(Collected data)
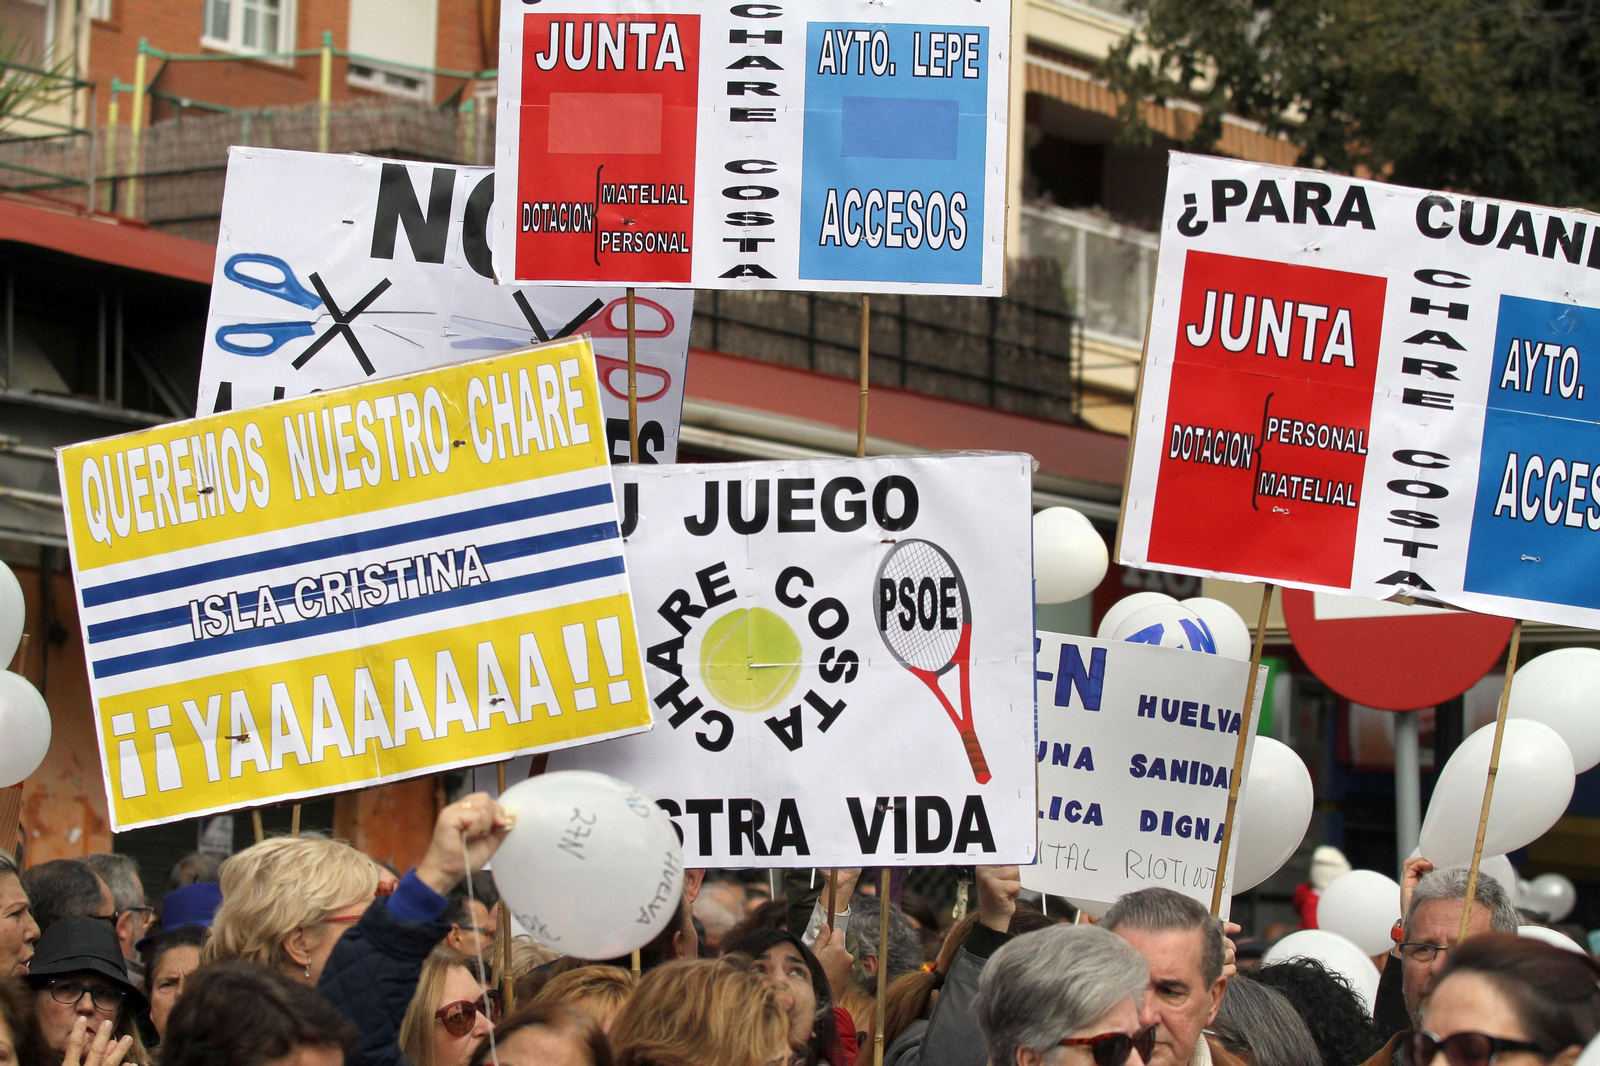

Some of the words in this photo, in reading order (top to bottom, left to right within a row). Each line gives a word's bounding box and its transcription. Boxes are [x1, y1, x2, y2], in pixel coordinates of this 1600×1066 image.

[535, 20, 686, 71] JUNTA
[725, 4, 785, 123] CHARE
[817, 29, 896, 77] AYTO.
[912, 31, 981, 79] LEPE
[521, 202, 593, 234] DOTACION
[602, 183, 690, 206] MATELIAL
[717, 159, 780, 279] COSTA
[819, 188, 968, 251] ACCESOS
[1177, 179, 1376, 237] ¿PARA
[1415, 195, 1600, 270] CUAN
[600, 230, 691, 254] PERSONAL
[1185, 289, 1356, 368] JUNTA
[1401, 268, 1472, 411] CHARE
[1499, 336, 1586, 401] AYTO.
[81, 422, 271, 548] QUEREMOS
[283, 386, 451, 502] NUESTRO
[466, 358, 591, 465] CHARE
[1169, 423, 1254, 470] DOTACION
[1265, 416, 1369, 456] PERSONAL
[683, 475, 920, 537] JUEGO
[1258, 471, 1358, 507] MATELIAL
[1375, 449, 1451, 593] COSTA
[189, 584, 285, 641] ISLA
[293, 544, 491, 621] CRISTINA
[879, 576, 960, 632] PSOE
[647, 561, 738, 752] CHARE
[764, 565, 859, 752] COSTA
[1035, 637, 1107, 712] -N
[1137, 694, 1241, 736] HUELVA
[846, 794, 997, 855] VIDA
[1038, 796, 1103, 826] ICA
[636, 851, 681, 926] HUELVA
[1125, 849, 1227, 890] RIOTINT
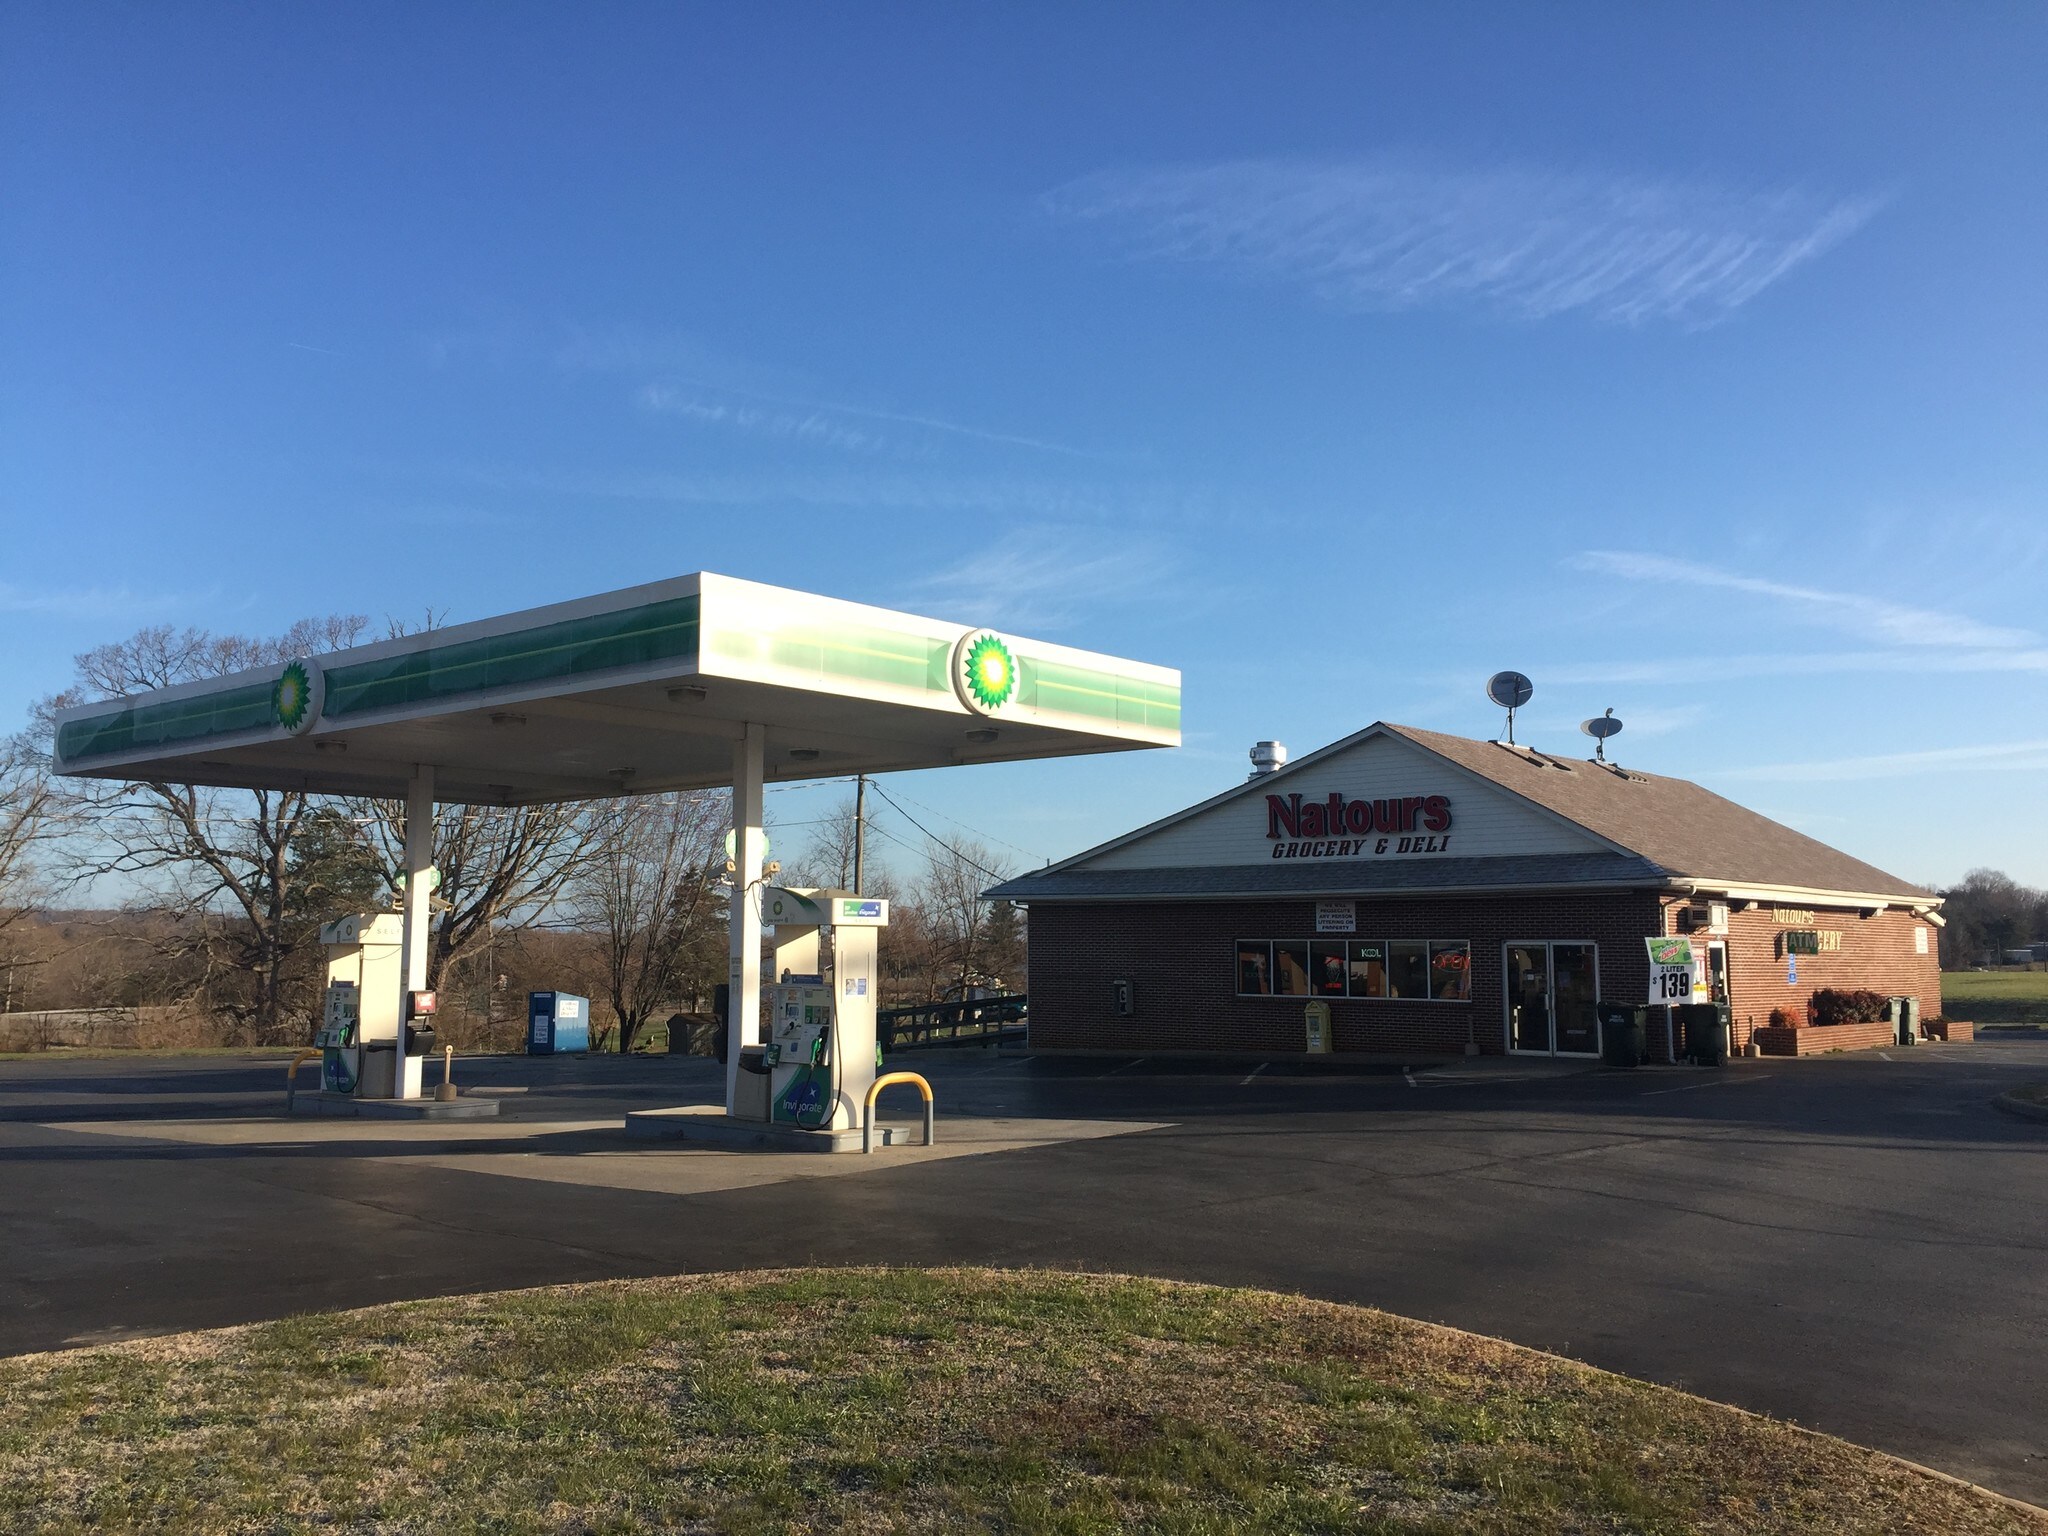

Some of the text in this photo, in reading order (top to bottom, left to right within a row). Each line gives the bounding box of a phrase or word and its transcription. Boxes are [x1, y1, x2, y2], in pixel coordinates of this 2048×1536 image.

• **WORK TO BE COMPLETED**
Every line above is to be returned exactly, with its pictures removed.

• **EXERCISE ANSWER**
Some of the words in this photo, in reading order (top to bottom, left to right within a row). Each line gives a word's bounding box and its transcription. Boxes are [x1, y1, x2, y2], in pixel coordinates of this 1600×1066 image.

[535, 20, 686, 71] JUNTA
[725, 4, 785, 123] CHARE
[817, 29, 896, 77] AYTO.
[912, 31, 981, 79] LEPE
[521, 202, 593, 234] DOTACION
[602, 183, 690, 206] MATELIAL
[717, 159, 780, 279] COSTA
[819, 188, 968, 251] ACCESOS
[1177, 179, 1376, 237] ¿PARA
[1415, 195, 1600, 270] CUAN
[600, 230, 691, 254] PERSONAL
[1185, 289, 1356, 368] JUNTA
[1401, 268, 1472, 411] CHARE
[1499, 336, 1586, 401] AYTO.
[81, 422, 271, 548] QUEREMOS
[283, 386, 451, 502] NUESTRO
[466, 358, 591, 465] CHARE
[1169, 423, 1254, 470] DOTACION
[1265, 416, 1369, 456] PERSONAL
[683, 475, 920, 537] JUEGO
[1258, 471, 1358, 507] MATELIAL
[1375, 449, 1451, 593] COSTA
[189, 584, 285, 641] ISLA
[293, 544, 491, 621] CRISTINA
[879, 576, 960, 632] PSOE
[647, 561, 738, 752] CHARE
[764, 565, 859, 752] COSTA
[1035, 637, 1107, 712] -N
[1137, 694, 1241, 736] HUELVA
[846, 794, 997, 855] VIDA
[1038, 796, 1103, 826] ICA
[636, 851, 681, 926] HUELVA
[1125, 849, 1227, 890] RIOTINT

Some of the text in this photo, in reading order (top to bottom, left to right within a row). Each line gives the bounding box of a phrase or word and its transcription. Boxes are [x1, y1, x2, y2], in pixel coordinates of this 2048×1536 image.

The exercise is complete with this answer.